Fig. 9 c is another embodiment of the first constant-current circuit 100a shown in Fig. 7, and the first constant-current circuit 100d is made up of a JFET J1 and the 2nd NPN BJT Q2, by the 2nd NPN BJT Q2, the electric current flowing through an above-mentioned JFET J1 is amplified rear realization.
Fig. 9 d is another embodiment of the first constant-current circuit 100a shown in Fig. 7, first constant-current circuit 100e is by comprising the first resistance R1, second resistance R2, first diode D1, the BCR Bipolar Current Regulator of the second diode D2 and a PNP BJT Q1 is formed, above-mentioned first diode D1 and the second diode D2 is connected in series and forms certain threshold voltage and flow definitely to allow the electric current flowing through the first resistance R1 maintain and amplified by a PNP BJT Q1, second resistance R2 is then that the base terminal of a PNP BJT Q1 changes voltage with being formed continuous current action.
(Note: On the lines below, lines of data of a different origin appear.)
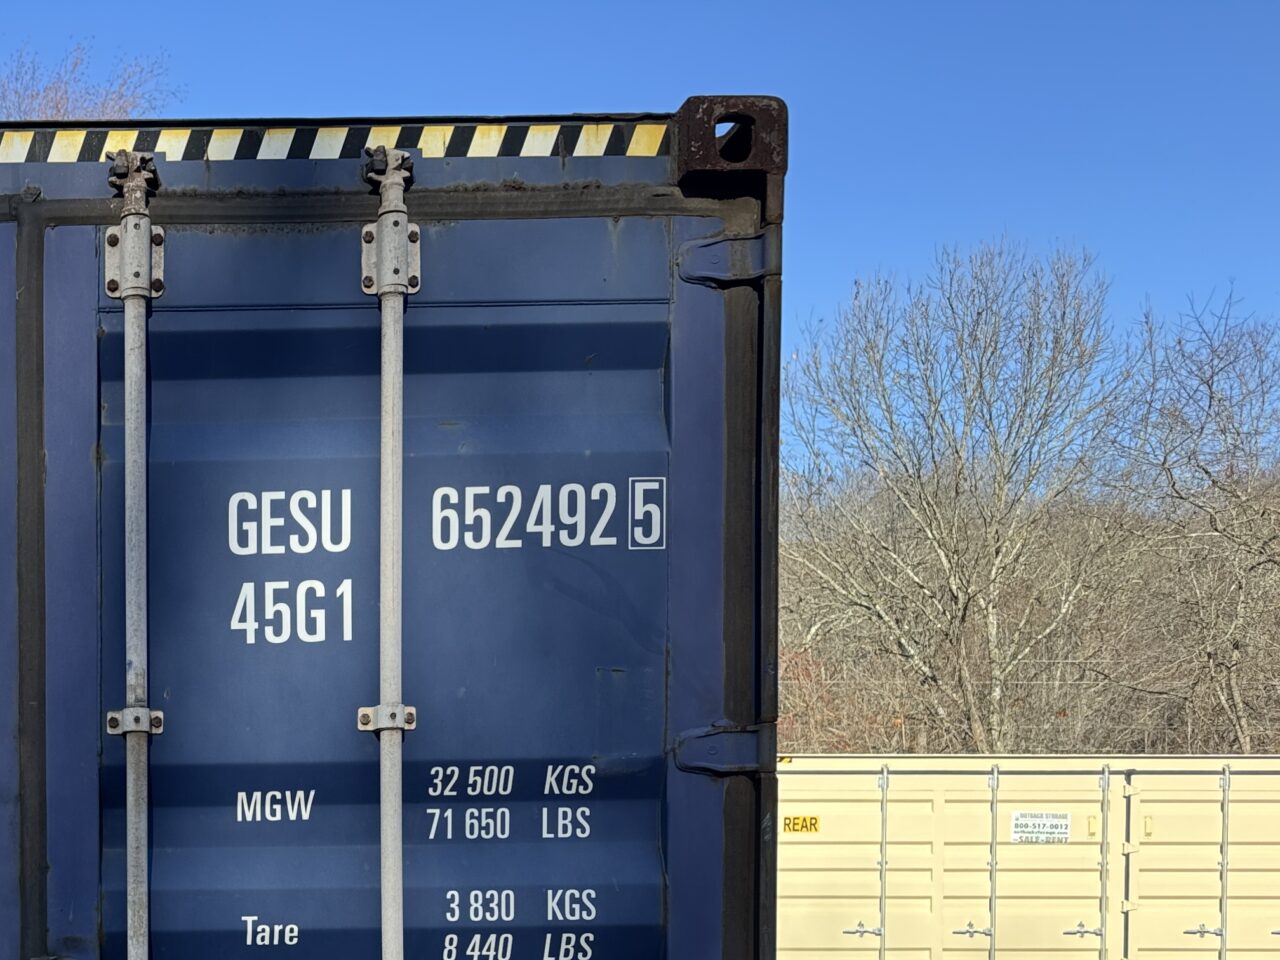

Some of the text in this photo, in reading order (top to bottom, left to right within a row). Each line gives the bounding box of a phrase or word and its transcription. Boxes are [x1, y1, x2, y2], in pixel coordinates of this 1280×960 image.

[228, 480, 663, 556] GESU 652492 5
[230, 579, 353, 644] 45G1
[428, 764, 596, 796] 32 500 KGS
[236, 789, 315, 822] MGW
[426, 806, 591, 839] 71 650 LBS
[783, 816, 818, 832] REAR
[445, 889, 597, 922] 3 830 KGS
[241, 916, 299, 945] Tare
[543, 933, 594, 960] LBS
Fig. 9 e is another embodiment of the first constant-current circuit 100a shown in Fig. 7, first constant-current circuit 100f by comprising the first resistance R1, the second resistance R2, the BCR of the first diode D1, the second diode D2 and the 2nd NPN BJT Q2 forms, above-mentioned first diode D1 and the second diode D2 is connected in series and forms certain threshold voltage and amplified by the 2nd NPN BJT Q2 to allow the electric current flowing through the first resistance R1 maintain to flow definitely, and the second resistance R2 is then that the base terminal of the 2nd NPN BJT Q2 changes voltage with being formed continuous current action.
Figure 10 a is the embodiment of the 200a of current detection circuit shown in Fig. 7,3rd resistance R3, the 3rd diode D3 of current detection circuit 200b and the 4th resistance R4 are connected in series, when the electric current being input to input terminal c flows to lead-out terminal d by the 3rd resistance R3, the 3rd diode D3 and the 4th resistance R4, allow the first detection terminal e and the second detection terminal f formation voltage.
Figure 10 b is another embodiment of the 200a of current detection circuit shown in Fig. 7,3rd diode D3, the 3rd resistance R3 of current detection circuit 200c and the 4th resistance R4 are connected in series, when the electric current being input to input terminal c flows to lead-out terminal d by the 3rd resistance R3, the 3rd diode D3 and the 4th resistance R4, allow the first detection terminal e and the second detection terminal f formation voltage.
Figure 11 a is the embodiment of the second constant-current circuit 300a shown in Fig. 7, and in the second constant-current circuit 300b, output current amplifying circuit 541 is formed Darlington transistor Darlington structure by the 4th BJT and the 3rd BJT Q3 and increased current amplification degree.
Figure 11 b is another embodiment of the second constant-current circuit 300a shown in Fig. 7, and in the second constant-current circuit 300c, output current regulating circuit 531 is connected in series the 4th diode D4 and the 5th diode D5 and changes adjustment current potential.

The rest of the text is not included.